What the task asks - Below are records with pictures in them; print them exactly, omitting the pictures.

Data for analysis -
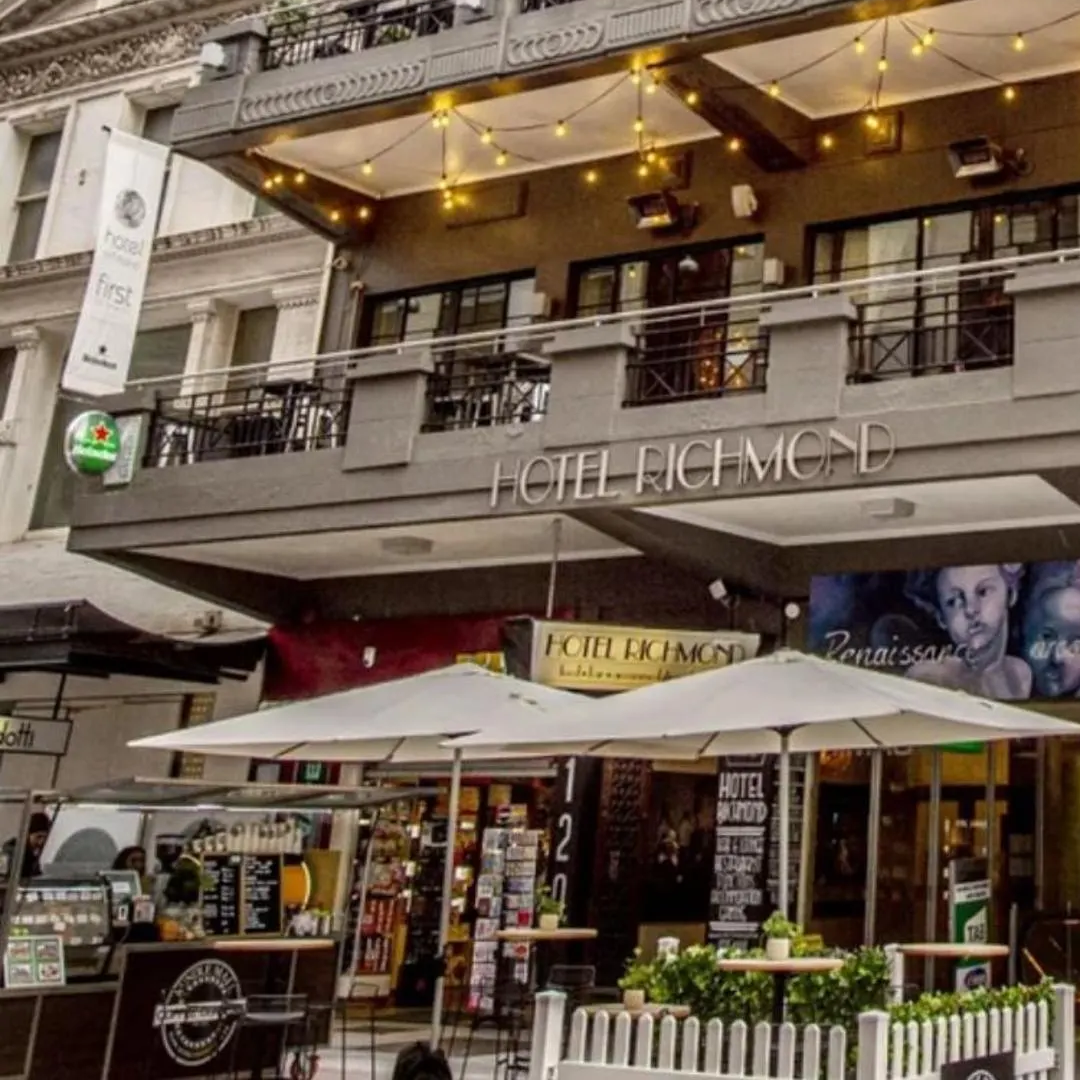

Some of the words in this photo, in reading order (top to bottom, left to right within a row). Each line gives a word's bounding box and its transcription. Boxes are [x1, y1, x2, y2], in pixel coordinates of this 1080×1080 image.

[490, 450, 621, 507] HOTEL
[635, 422, 896, 495] RICHMOND
[545, 633, 616, 660] HOTEL
[719, 772, 764, 798] HOTEL
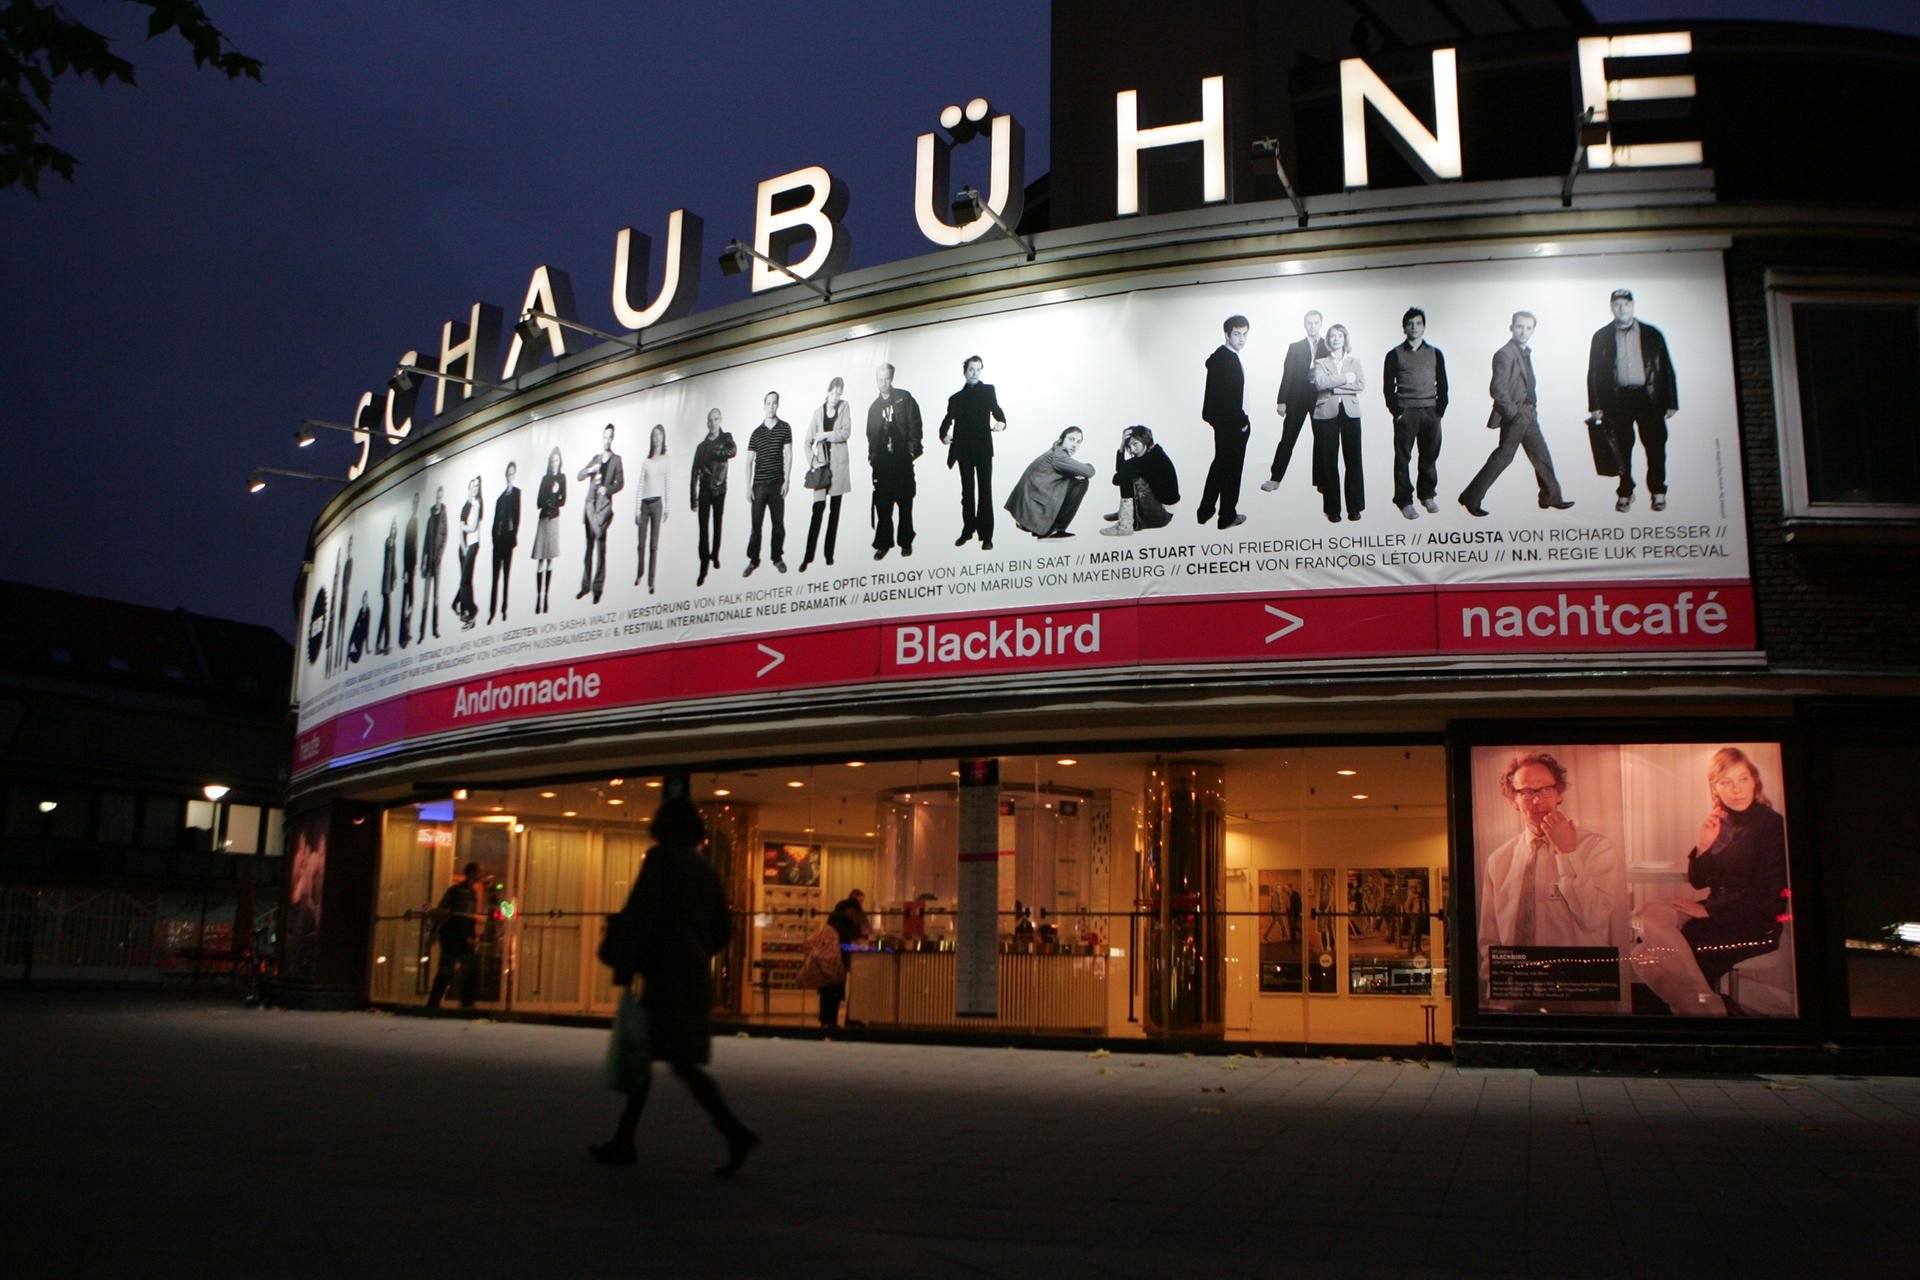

Finished task -
Some of the words in this photo, in reading order (top to bottom, left to right within a row). Each line gives a word's bounding box and its transcription. Boxes are [x1, y1, x2, y2], in pixel coordinates of this 1080×1080 image.

[490, 450, 621, 507] HOTEL
[635, 422, 896, 495] RICHMOND
[545, 633, 616, 660] HOTEL
[719, 772, 764, 798] HOTEL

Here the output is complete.